Hang on. I thought ancient battles were all individual combat and guys doing cool but unnecessary sword spinning tricks for no reason and then seeing their arch enemy and going “oh, you are so dead, mate.”


That had definitely been a thing at one point. But the phalanx had replaced all of that. Most battles were shields against shields and a whole lot of pushing grunting and hacking. Think secondary school rugby scrum with 50% more blood and carnage.


But the point of the phalanx is that it was the ultimate team building exercise. You all had to trust each other. The only way a phalanx worked was if everybody knew what they had to do and when.


If there was any hint of running away, the whole phalanx would break – so you had to have total faith in each other. The word Hoplite probably comes hoplon – a large concave shield. This was held in the left arm of every Hoplite but, and this is the interesting bit, it didn’t actually primarily protect you. It protected your neighbour. So you had to trust that the Hoplite next to you had your back. Or your front in this case.


And while it’s cool to gas about military formations that resemble giant Godzilla-like hedgehogs, there is a reason I’m telling you about it.


Because the phalanx wasn’t just a nifty formation. It was the entire basis of Spartan society. A society that said that the individual wasn’t worth a thing. What was more important was the community. And if everybody played their role as they had been instructed, the outcome would be success – both on and off the battlefield.

Sparta was one effectively one big phalanx.


See, the aim of Sparta was to build a utopia.


Phil:

But not for the Helots or the Pereoikoi or anyone not Spartan.


Ed:

It’s a utopia, Phil. Not a you-topia.


All Greeks were obsessed with law, order and stability. And they all had their system to try to achieve that. Athens gave democracy a whirl, Sparta built a military society. But it was one designed with social cohesion in mind.


Phil:

So, family values. All that stuff.


Not quite. In fact, the value of the family in Spartan society was zero. Spartan men didn’t live with their family. They lived and ate with their comrades in giant messes. When you came of age in Spartan society, you were hopefully elected to a mess where you spent your time and paid your subs.

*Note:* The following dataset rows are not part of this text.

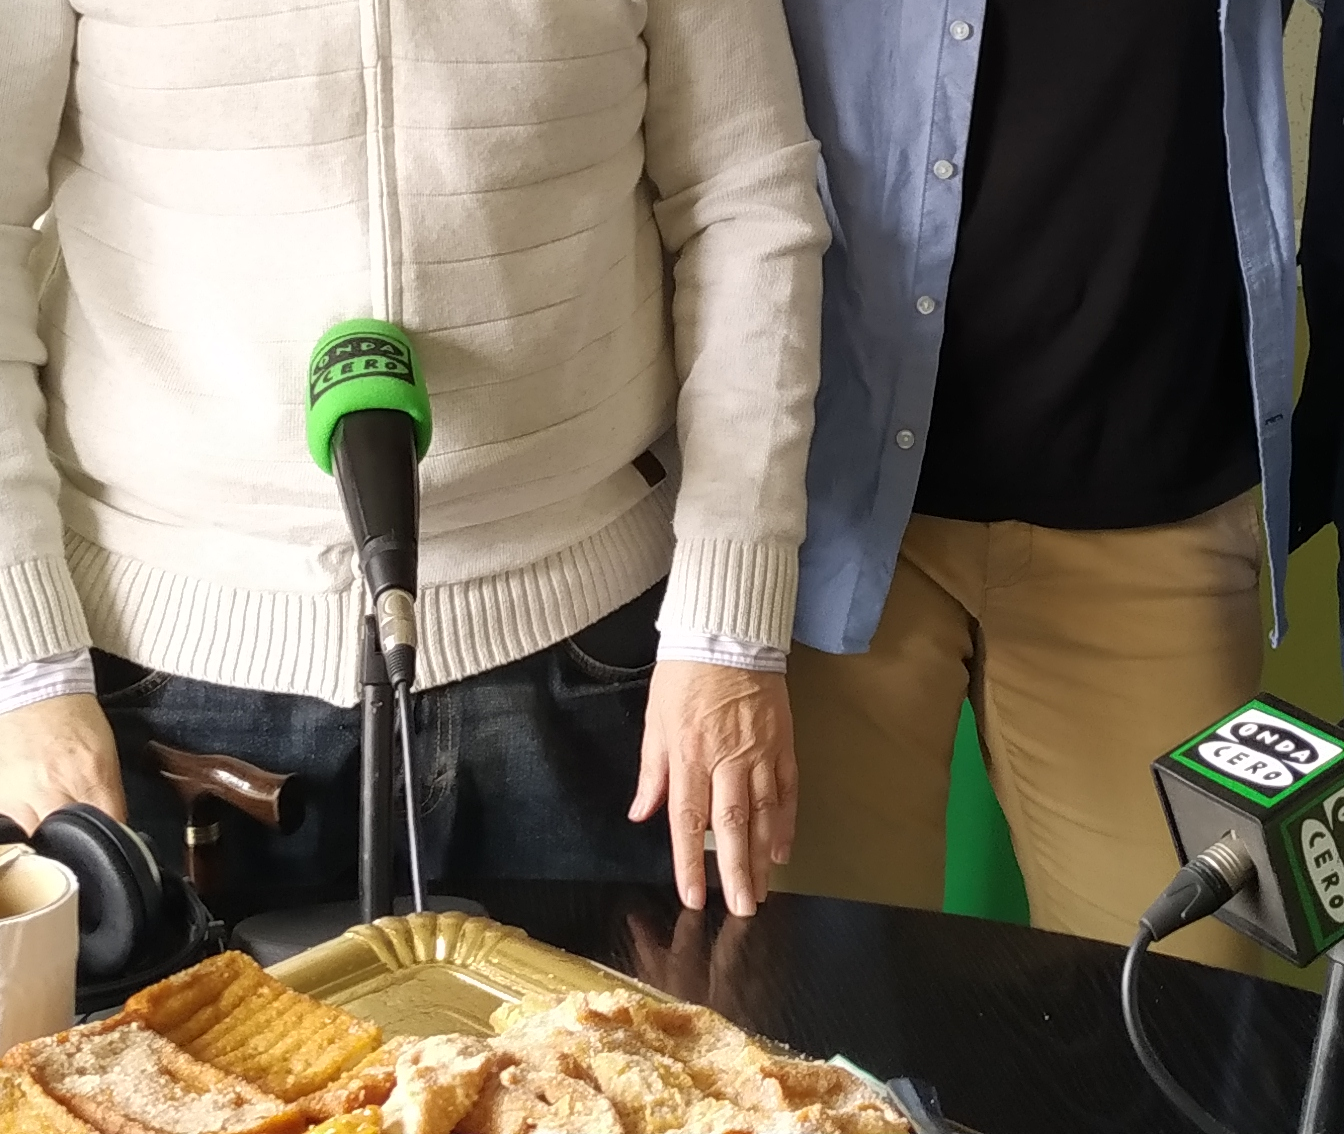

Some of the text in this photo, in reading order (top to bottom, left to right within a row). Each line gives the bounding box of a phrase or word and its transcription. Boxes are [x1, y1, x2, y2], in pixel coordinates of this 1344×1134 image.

[318, 342, 395, 368] ONDA
[322, 359, 397, 383] CERO
[1238, 723, 1311, 763] ONDA
[1213, 746, 1282, 781] CERO
[1309, 831, 1344, 909] CERO
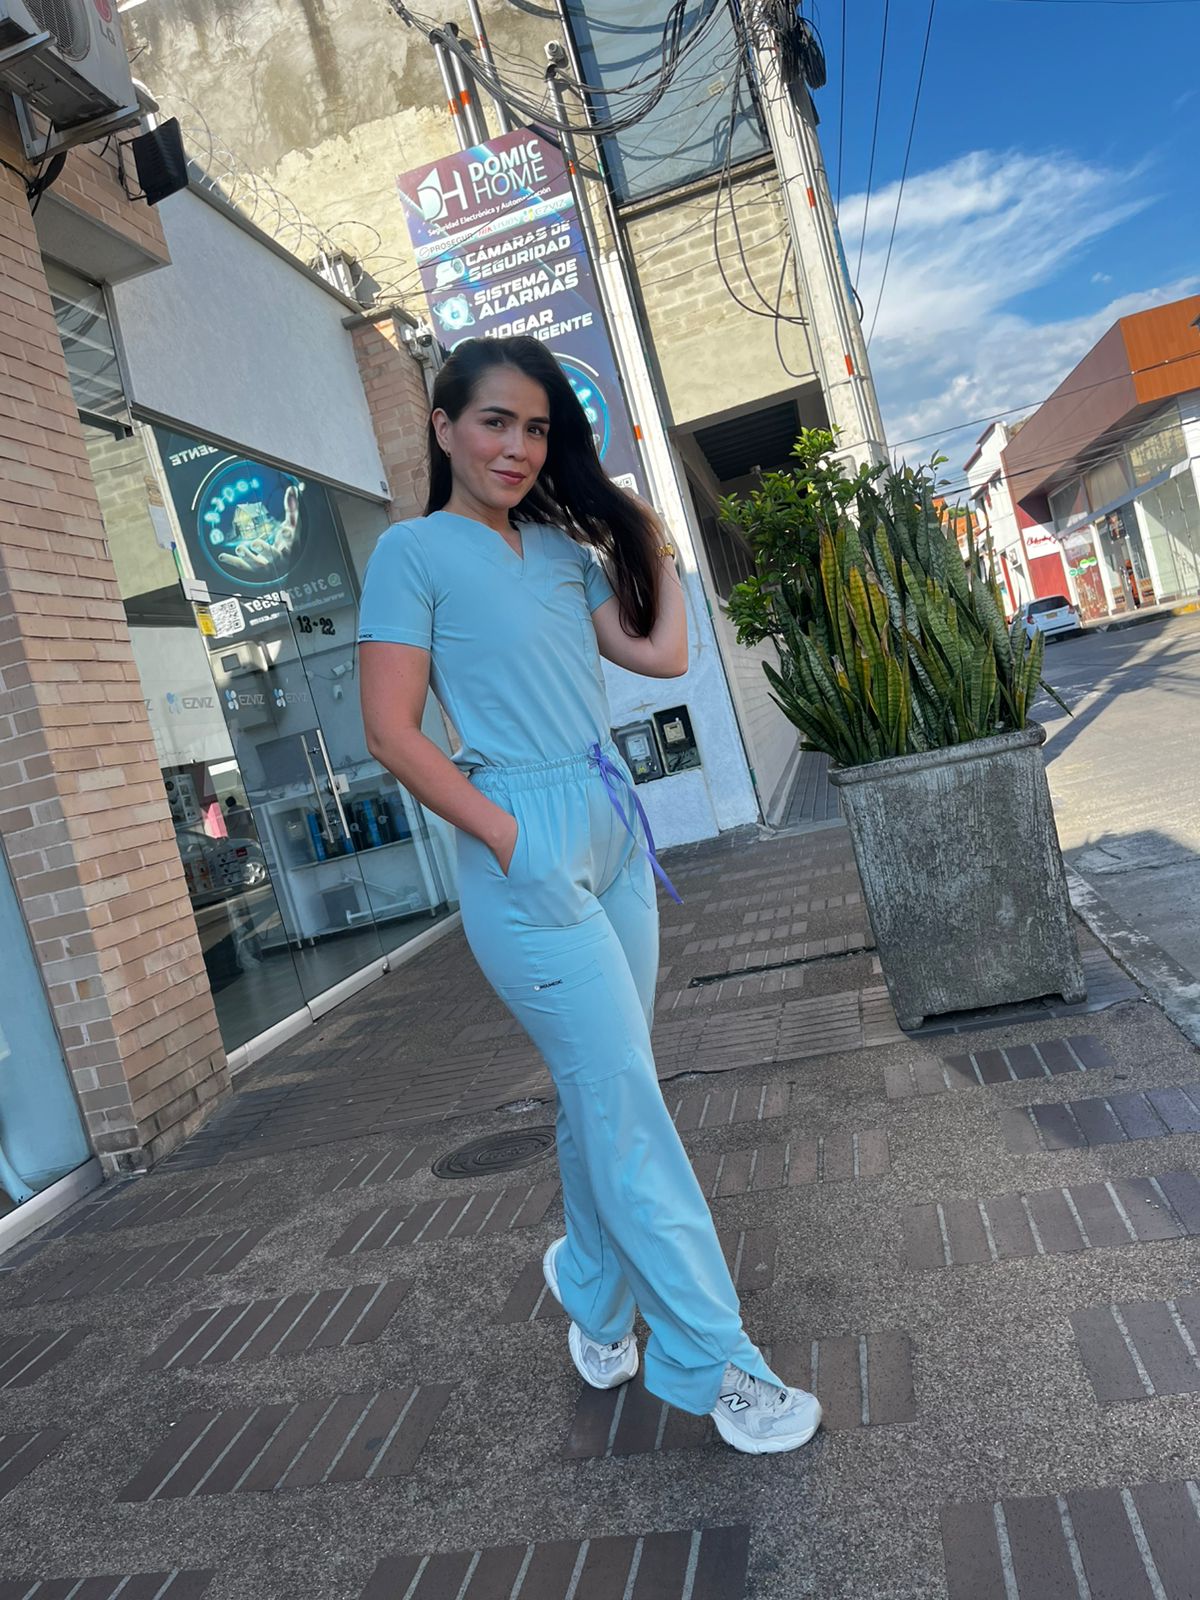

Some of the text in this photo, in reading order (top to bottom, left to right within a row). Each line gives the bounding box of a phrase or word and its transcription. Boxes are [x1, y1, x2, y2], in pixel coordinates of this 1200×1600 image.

[99, 20, 117, 47] LG
[467, 139, 542, 182] DOMIC
[472, 157, 548, 204] HOME
[464, 219, 571, 267] CÁMARAS DE
[467, 234, 571, 283] SEGURIDAD
[473, 258, 577, 306] SISTEMA DE
[478, 272, 579, 321] ALARMAS
[484, 308, 554, 340] HOGAR
[531, 311, 593, 342] IGENTE
[181, 696, 214, 709] EZVIZ
[238, 692, 265, 705] EZVIZ

If you weren’t elected to a Spartan mess, you were a total wrongun that people would cross the street to avoid. In fact any act that went against strict Spartan society could make you an outcast.


Cowardice in battle would have you branded as a Trembler.

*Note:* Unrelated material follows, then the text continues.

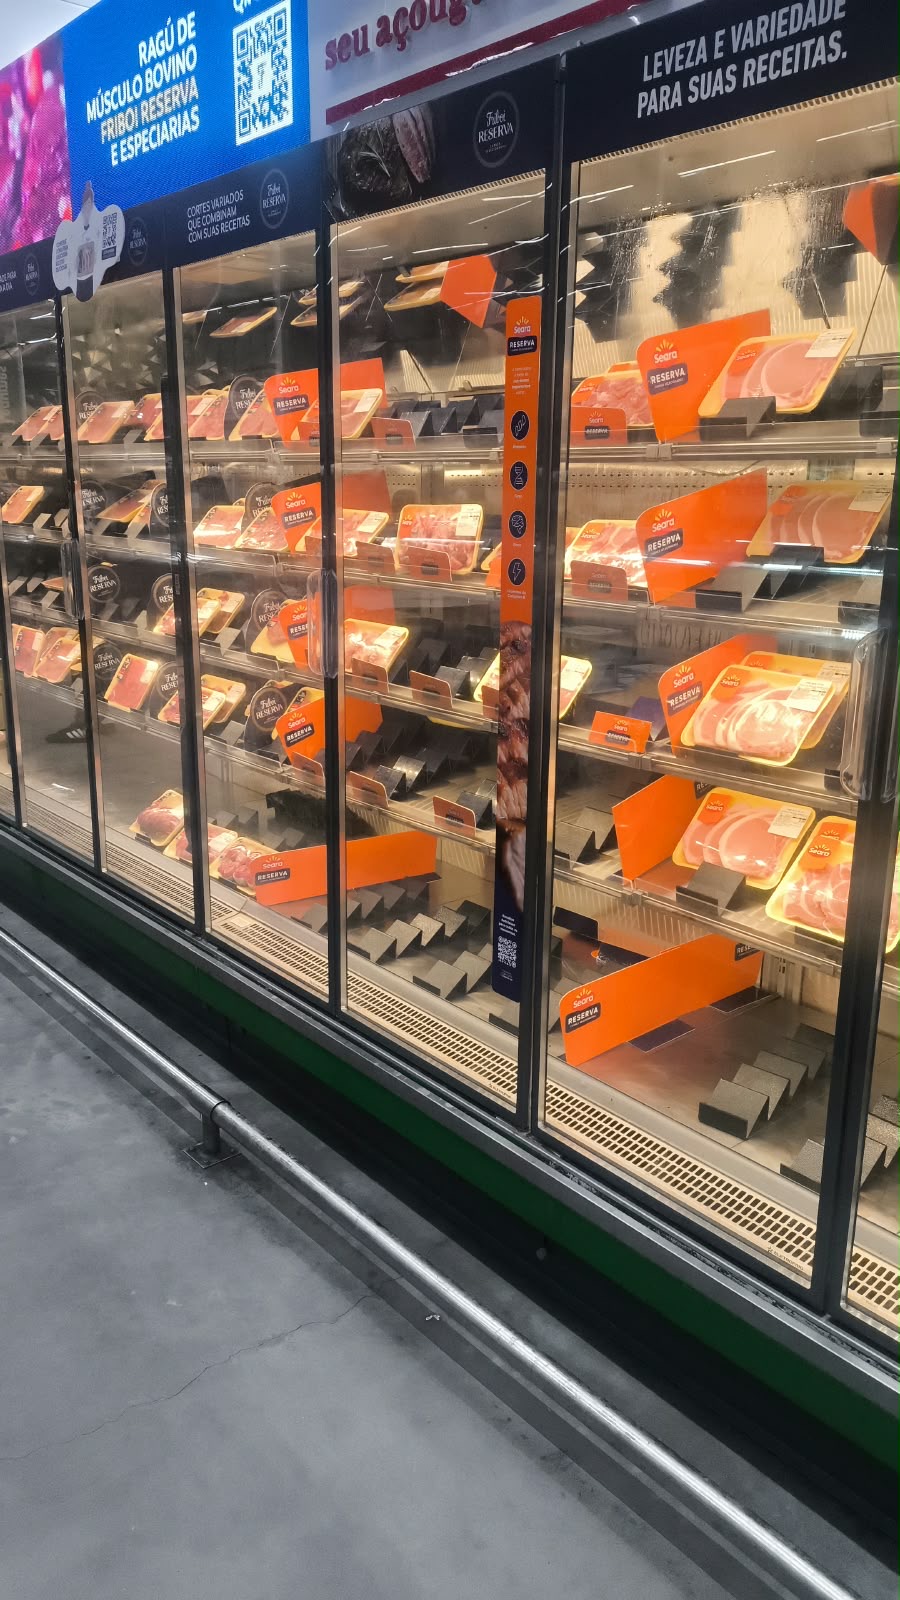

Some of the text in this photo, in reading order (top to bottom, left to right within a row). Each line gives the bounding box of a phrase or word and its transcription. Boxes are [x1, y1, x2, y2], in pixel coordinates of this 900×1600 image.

If you had mixed blood, you were a Mophax.


If you failed to pay your mess fees, shame on you.


If you were in your 30s and unmarried, that was a massive crime.

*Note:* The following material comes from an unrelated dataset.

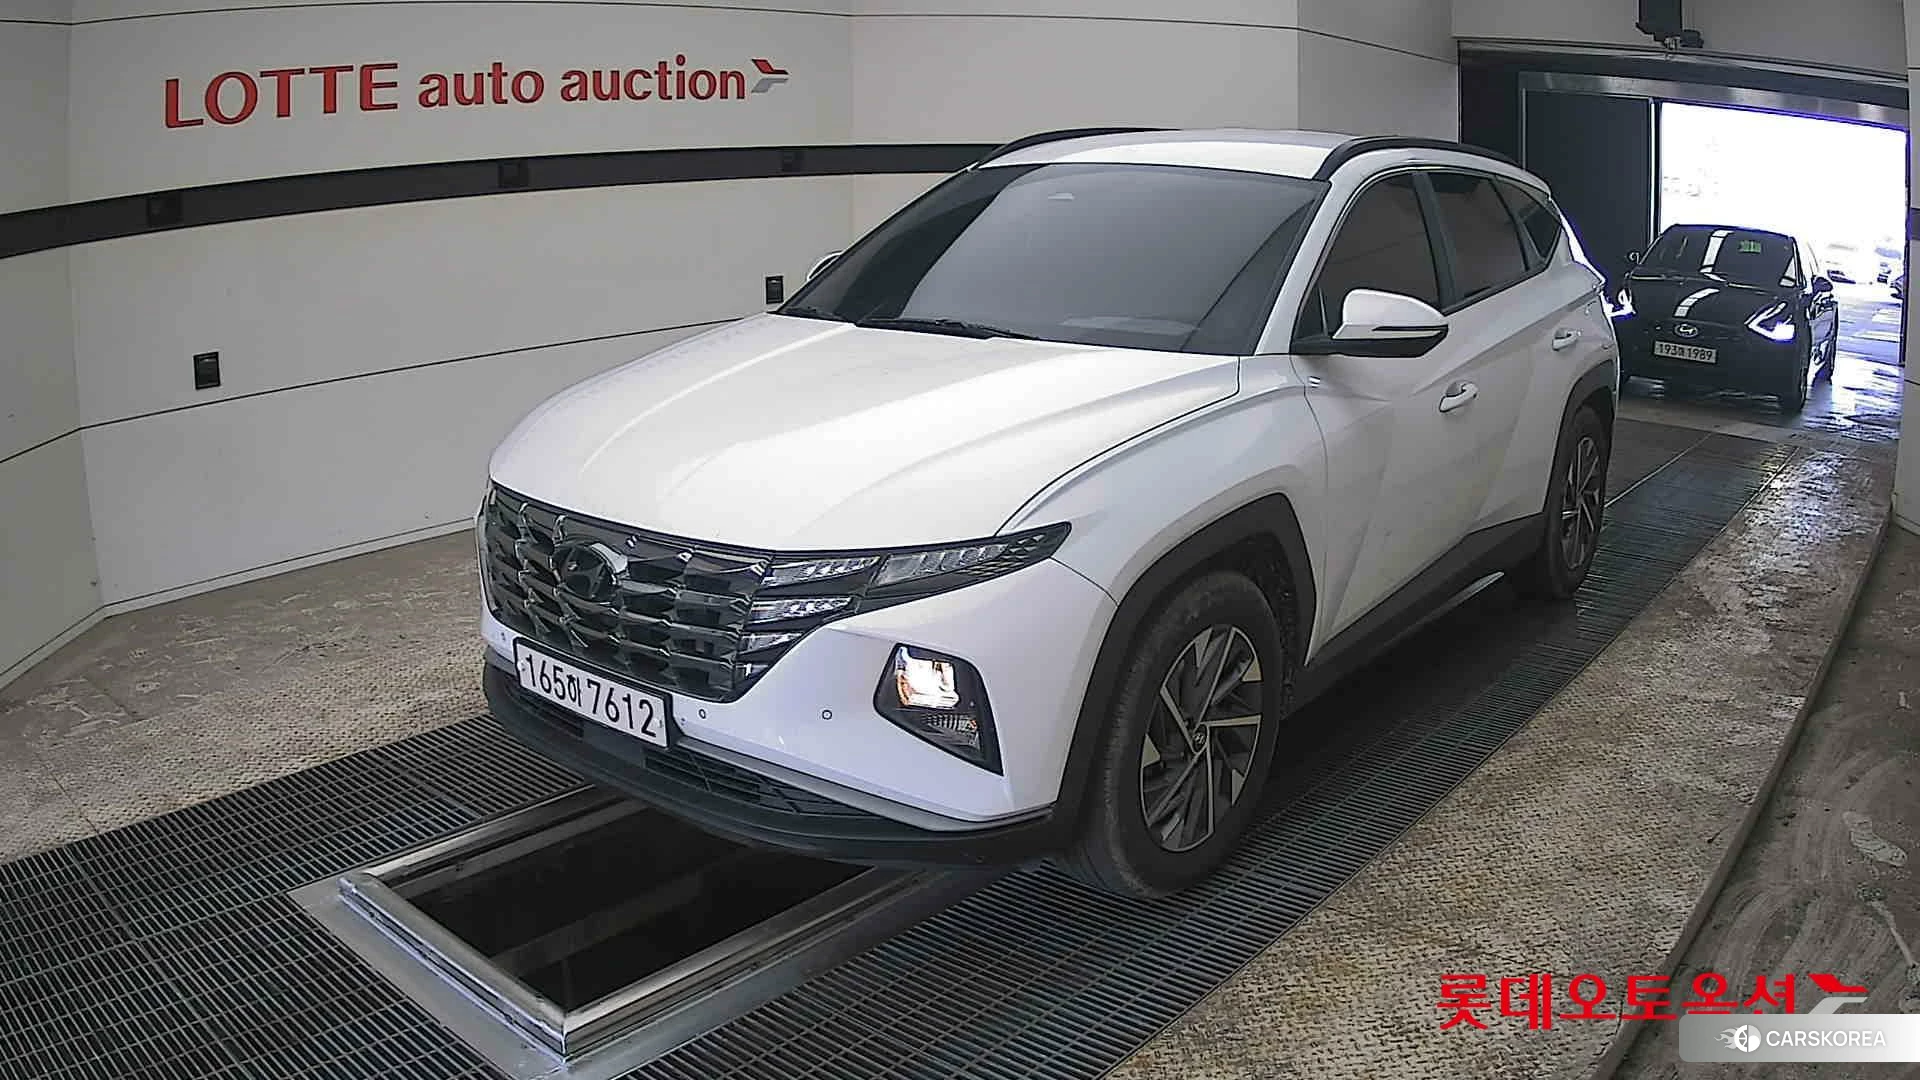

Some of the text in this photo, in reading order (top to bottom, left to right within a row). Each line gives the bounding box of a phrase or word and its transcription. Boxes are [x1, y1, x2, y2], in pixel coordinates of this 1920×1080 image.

[165, 54, 746, 128] LOTTE auto auction

Unmarried men were stripped naked in winter and forced to sing a song about how they were basically massive wasters.


Phil:

So, if we lived in ancient Sparta, you and I would be seen as total outcasts for not being married with kids.


Ed:

Yes, it’s a situation our mother would very much approve of.


Phil:

Except the being stripped naked in winter and forced to sing a song about being wasters, right?


Ed:

I dunno….


Phil:

Let’s find out [phone] Hi mum, it’s your son Phil here. What do you feel about Ed and I being unmarried in our 30s?


Mum:

I think you should be stripped naked in winter and forced to sing a song about being basically a pair of massive wasters.


Phil:

Oh… See you at Christmas. [Hang up sfx]


That said, getting married wasn’t about the social acceptability of white picket fences. It was about making more Spartans.


Marital bliss was non-existent. Spartan men weren’t married until they were between 25 and 30 years old. On the wedding night, the bride was expected to shave her head and dress like a boy. Their husband would visit them, they’d have something like simulated or actual rape and he’d then return to his mess. This arrangement could go on for weeks, months or even longer.


Sounds pretty dysfunctional?


While it's hard to say exactly why this was the norm, it's clear that Spartan men weren’t used to women. Their whole life had been spent in the company of men. As teenagers, their first sexual experience would be with men. So sex with the new wife was possibly more palatable if she looked like a boy.


Quote

Edmund: So you’re a ‘chap’, are you Bob?

Bob: Oh yes, sir. (laughs)

Edmund: You wouldn’t say you were a girl at all?


Aside from early years with their mothers, women were almost a foreign entity. And mothers were not encouraged to be doting. Their whole job in life was to raise a tough non mother lover.

There’s a great example from Sayings of Spartan women:


A man complained his sword was too short. His mother replied: “take a step forward. It will be long enough.”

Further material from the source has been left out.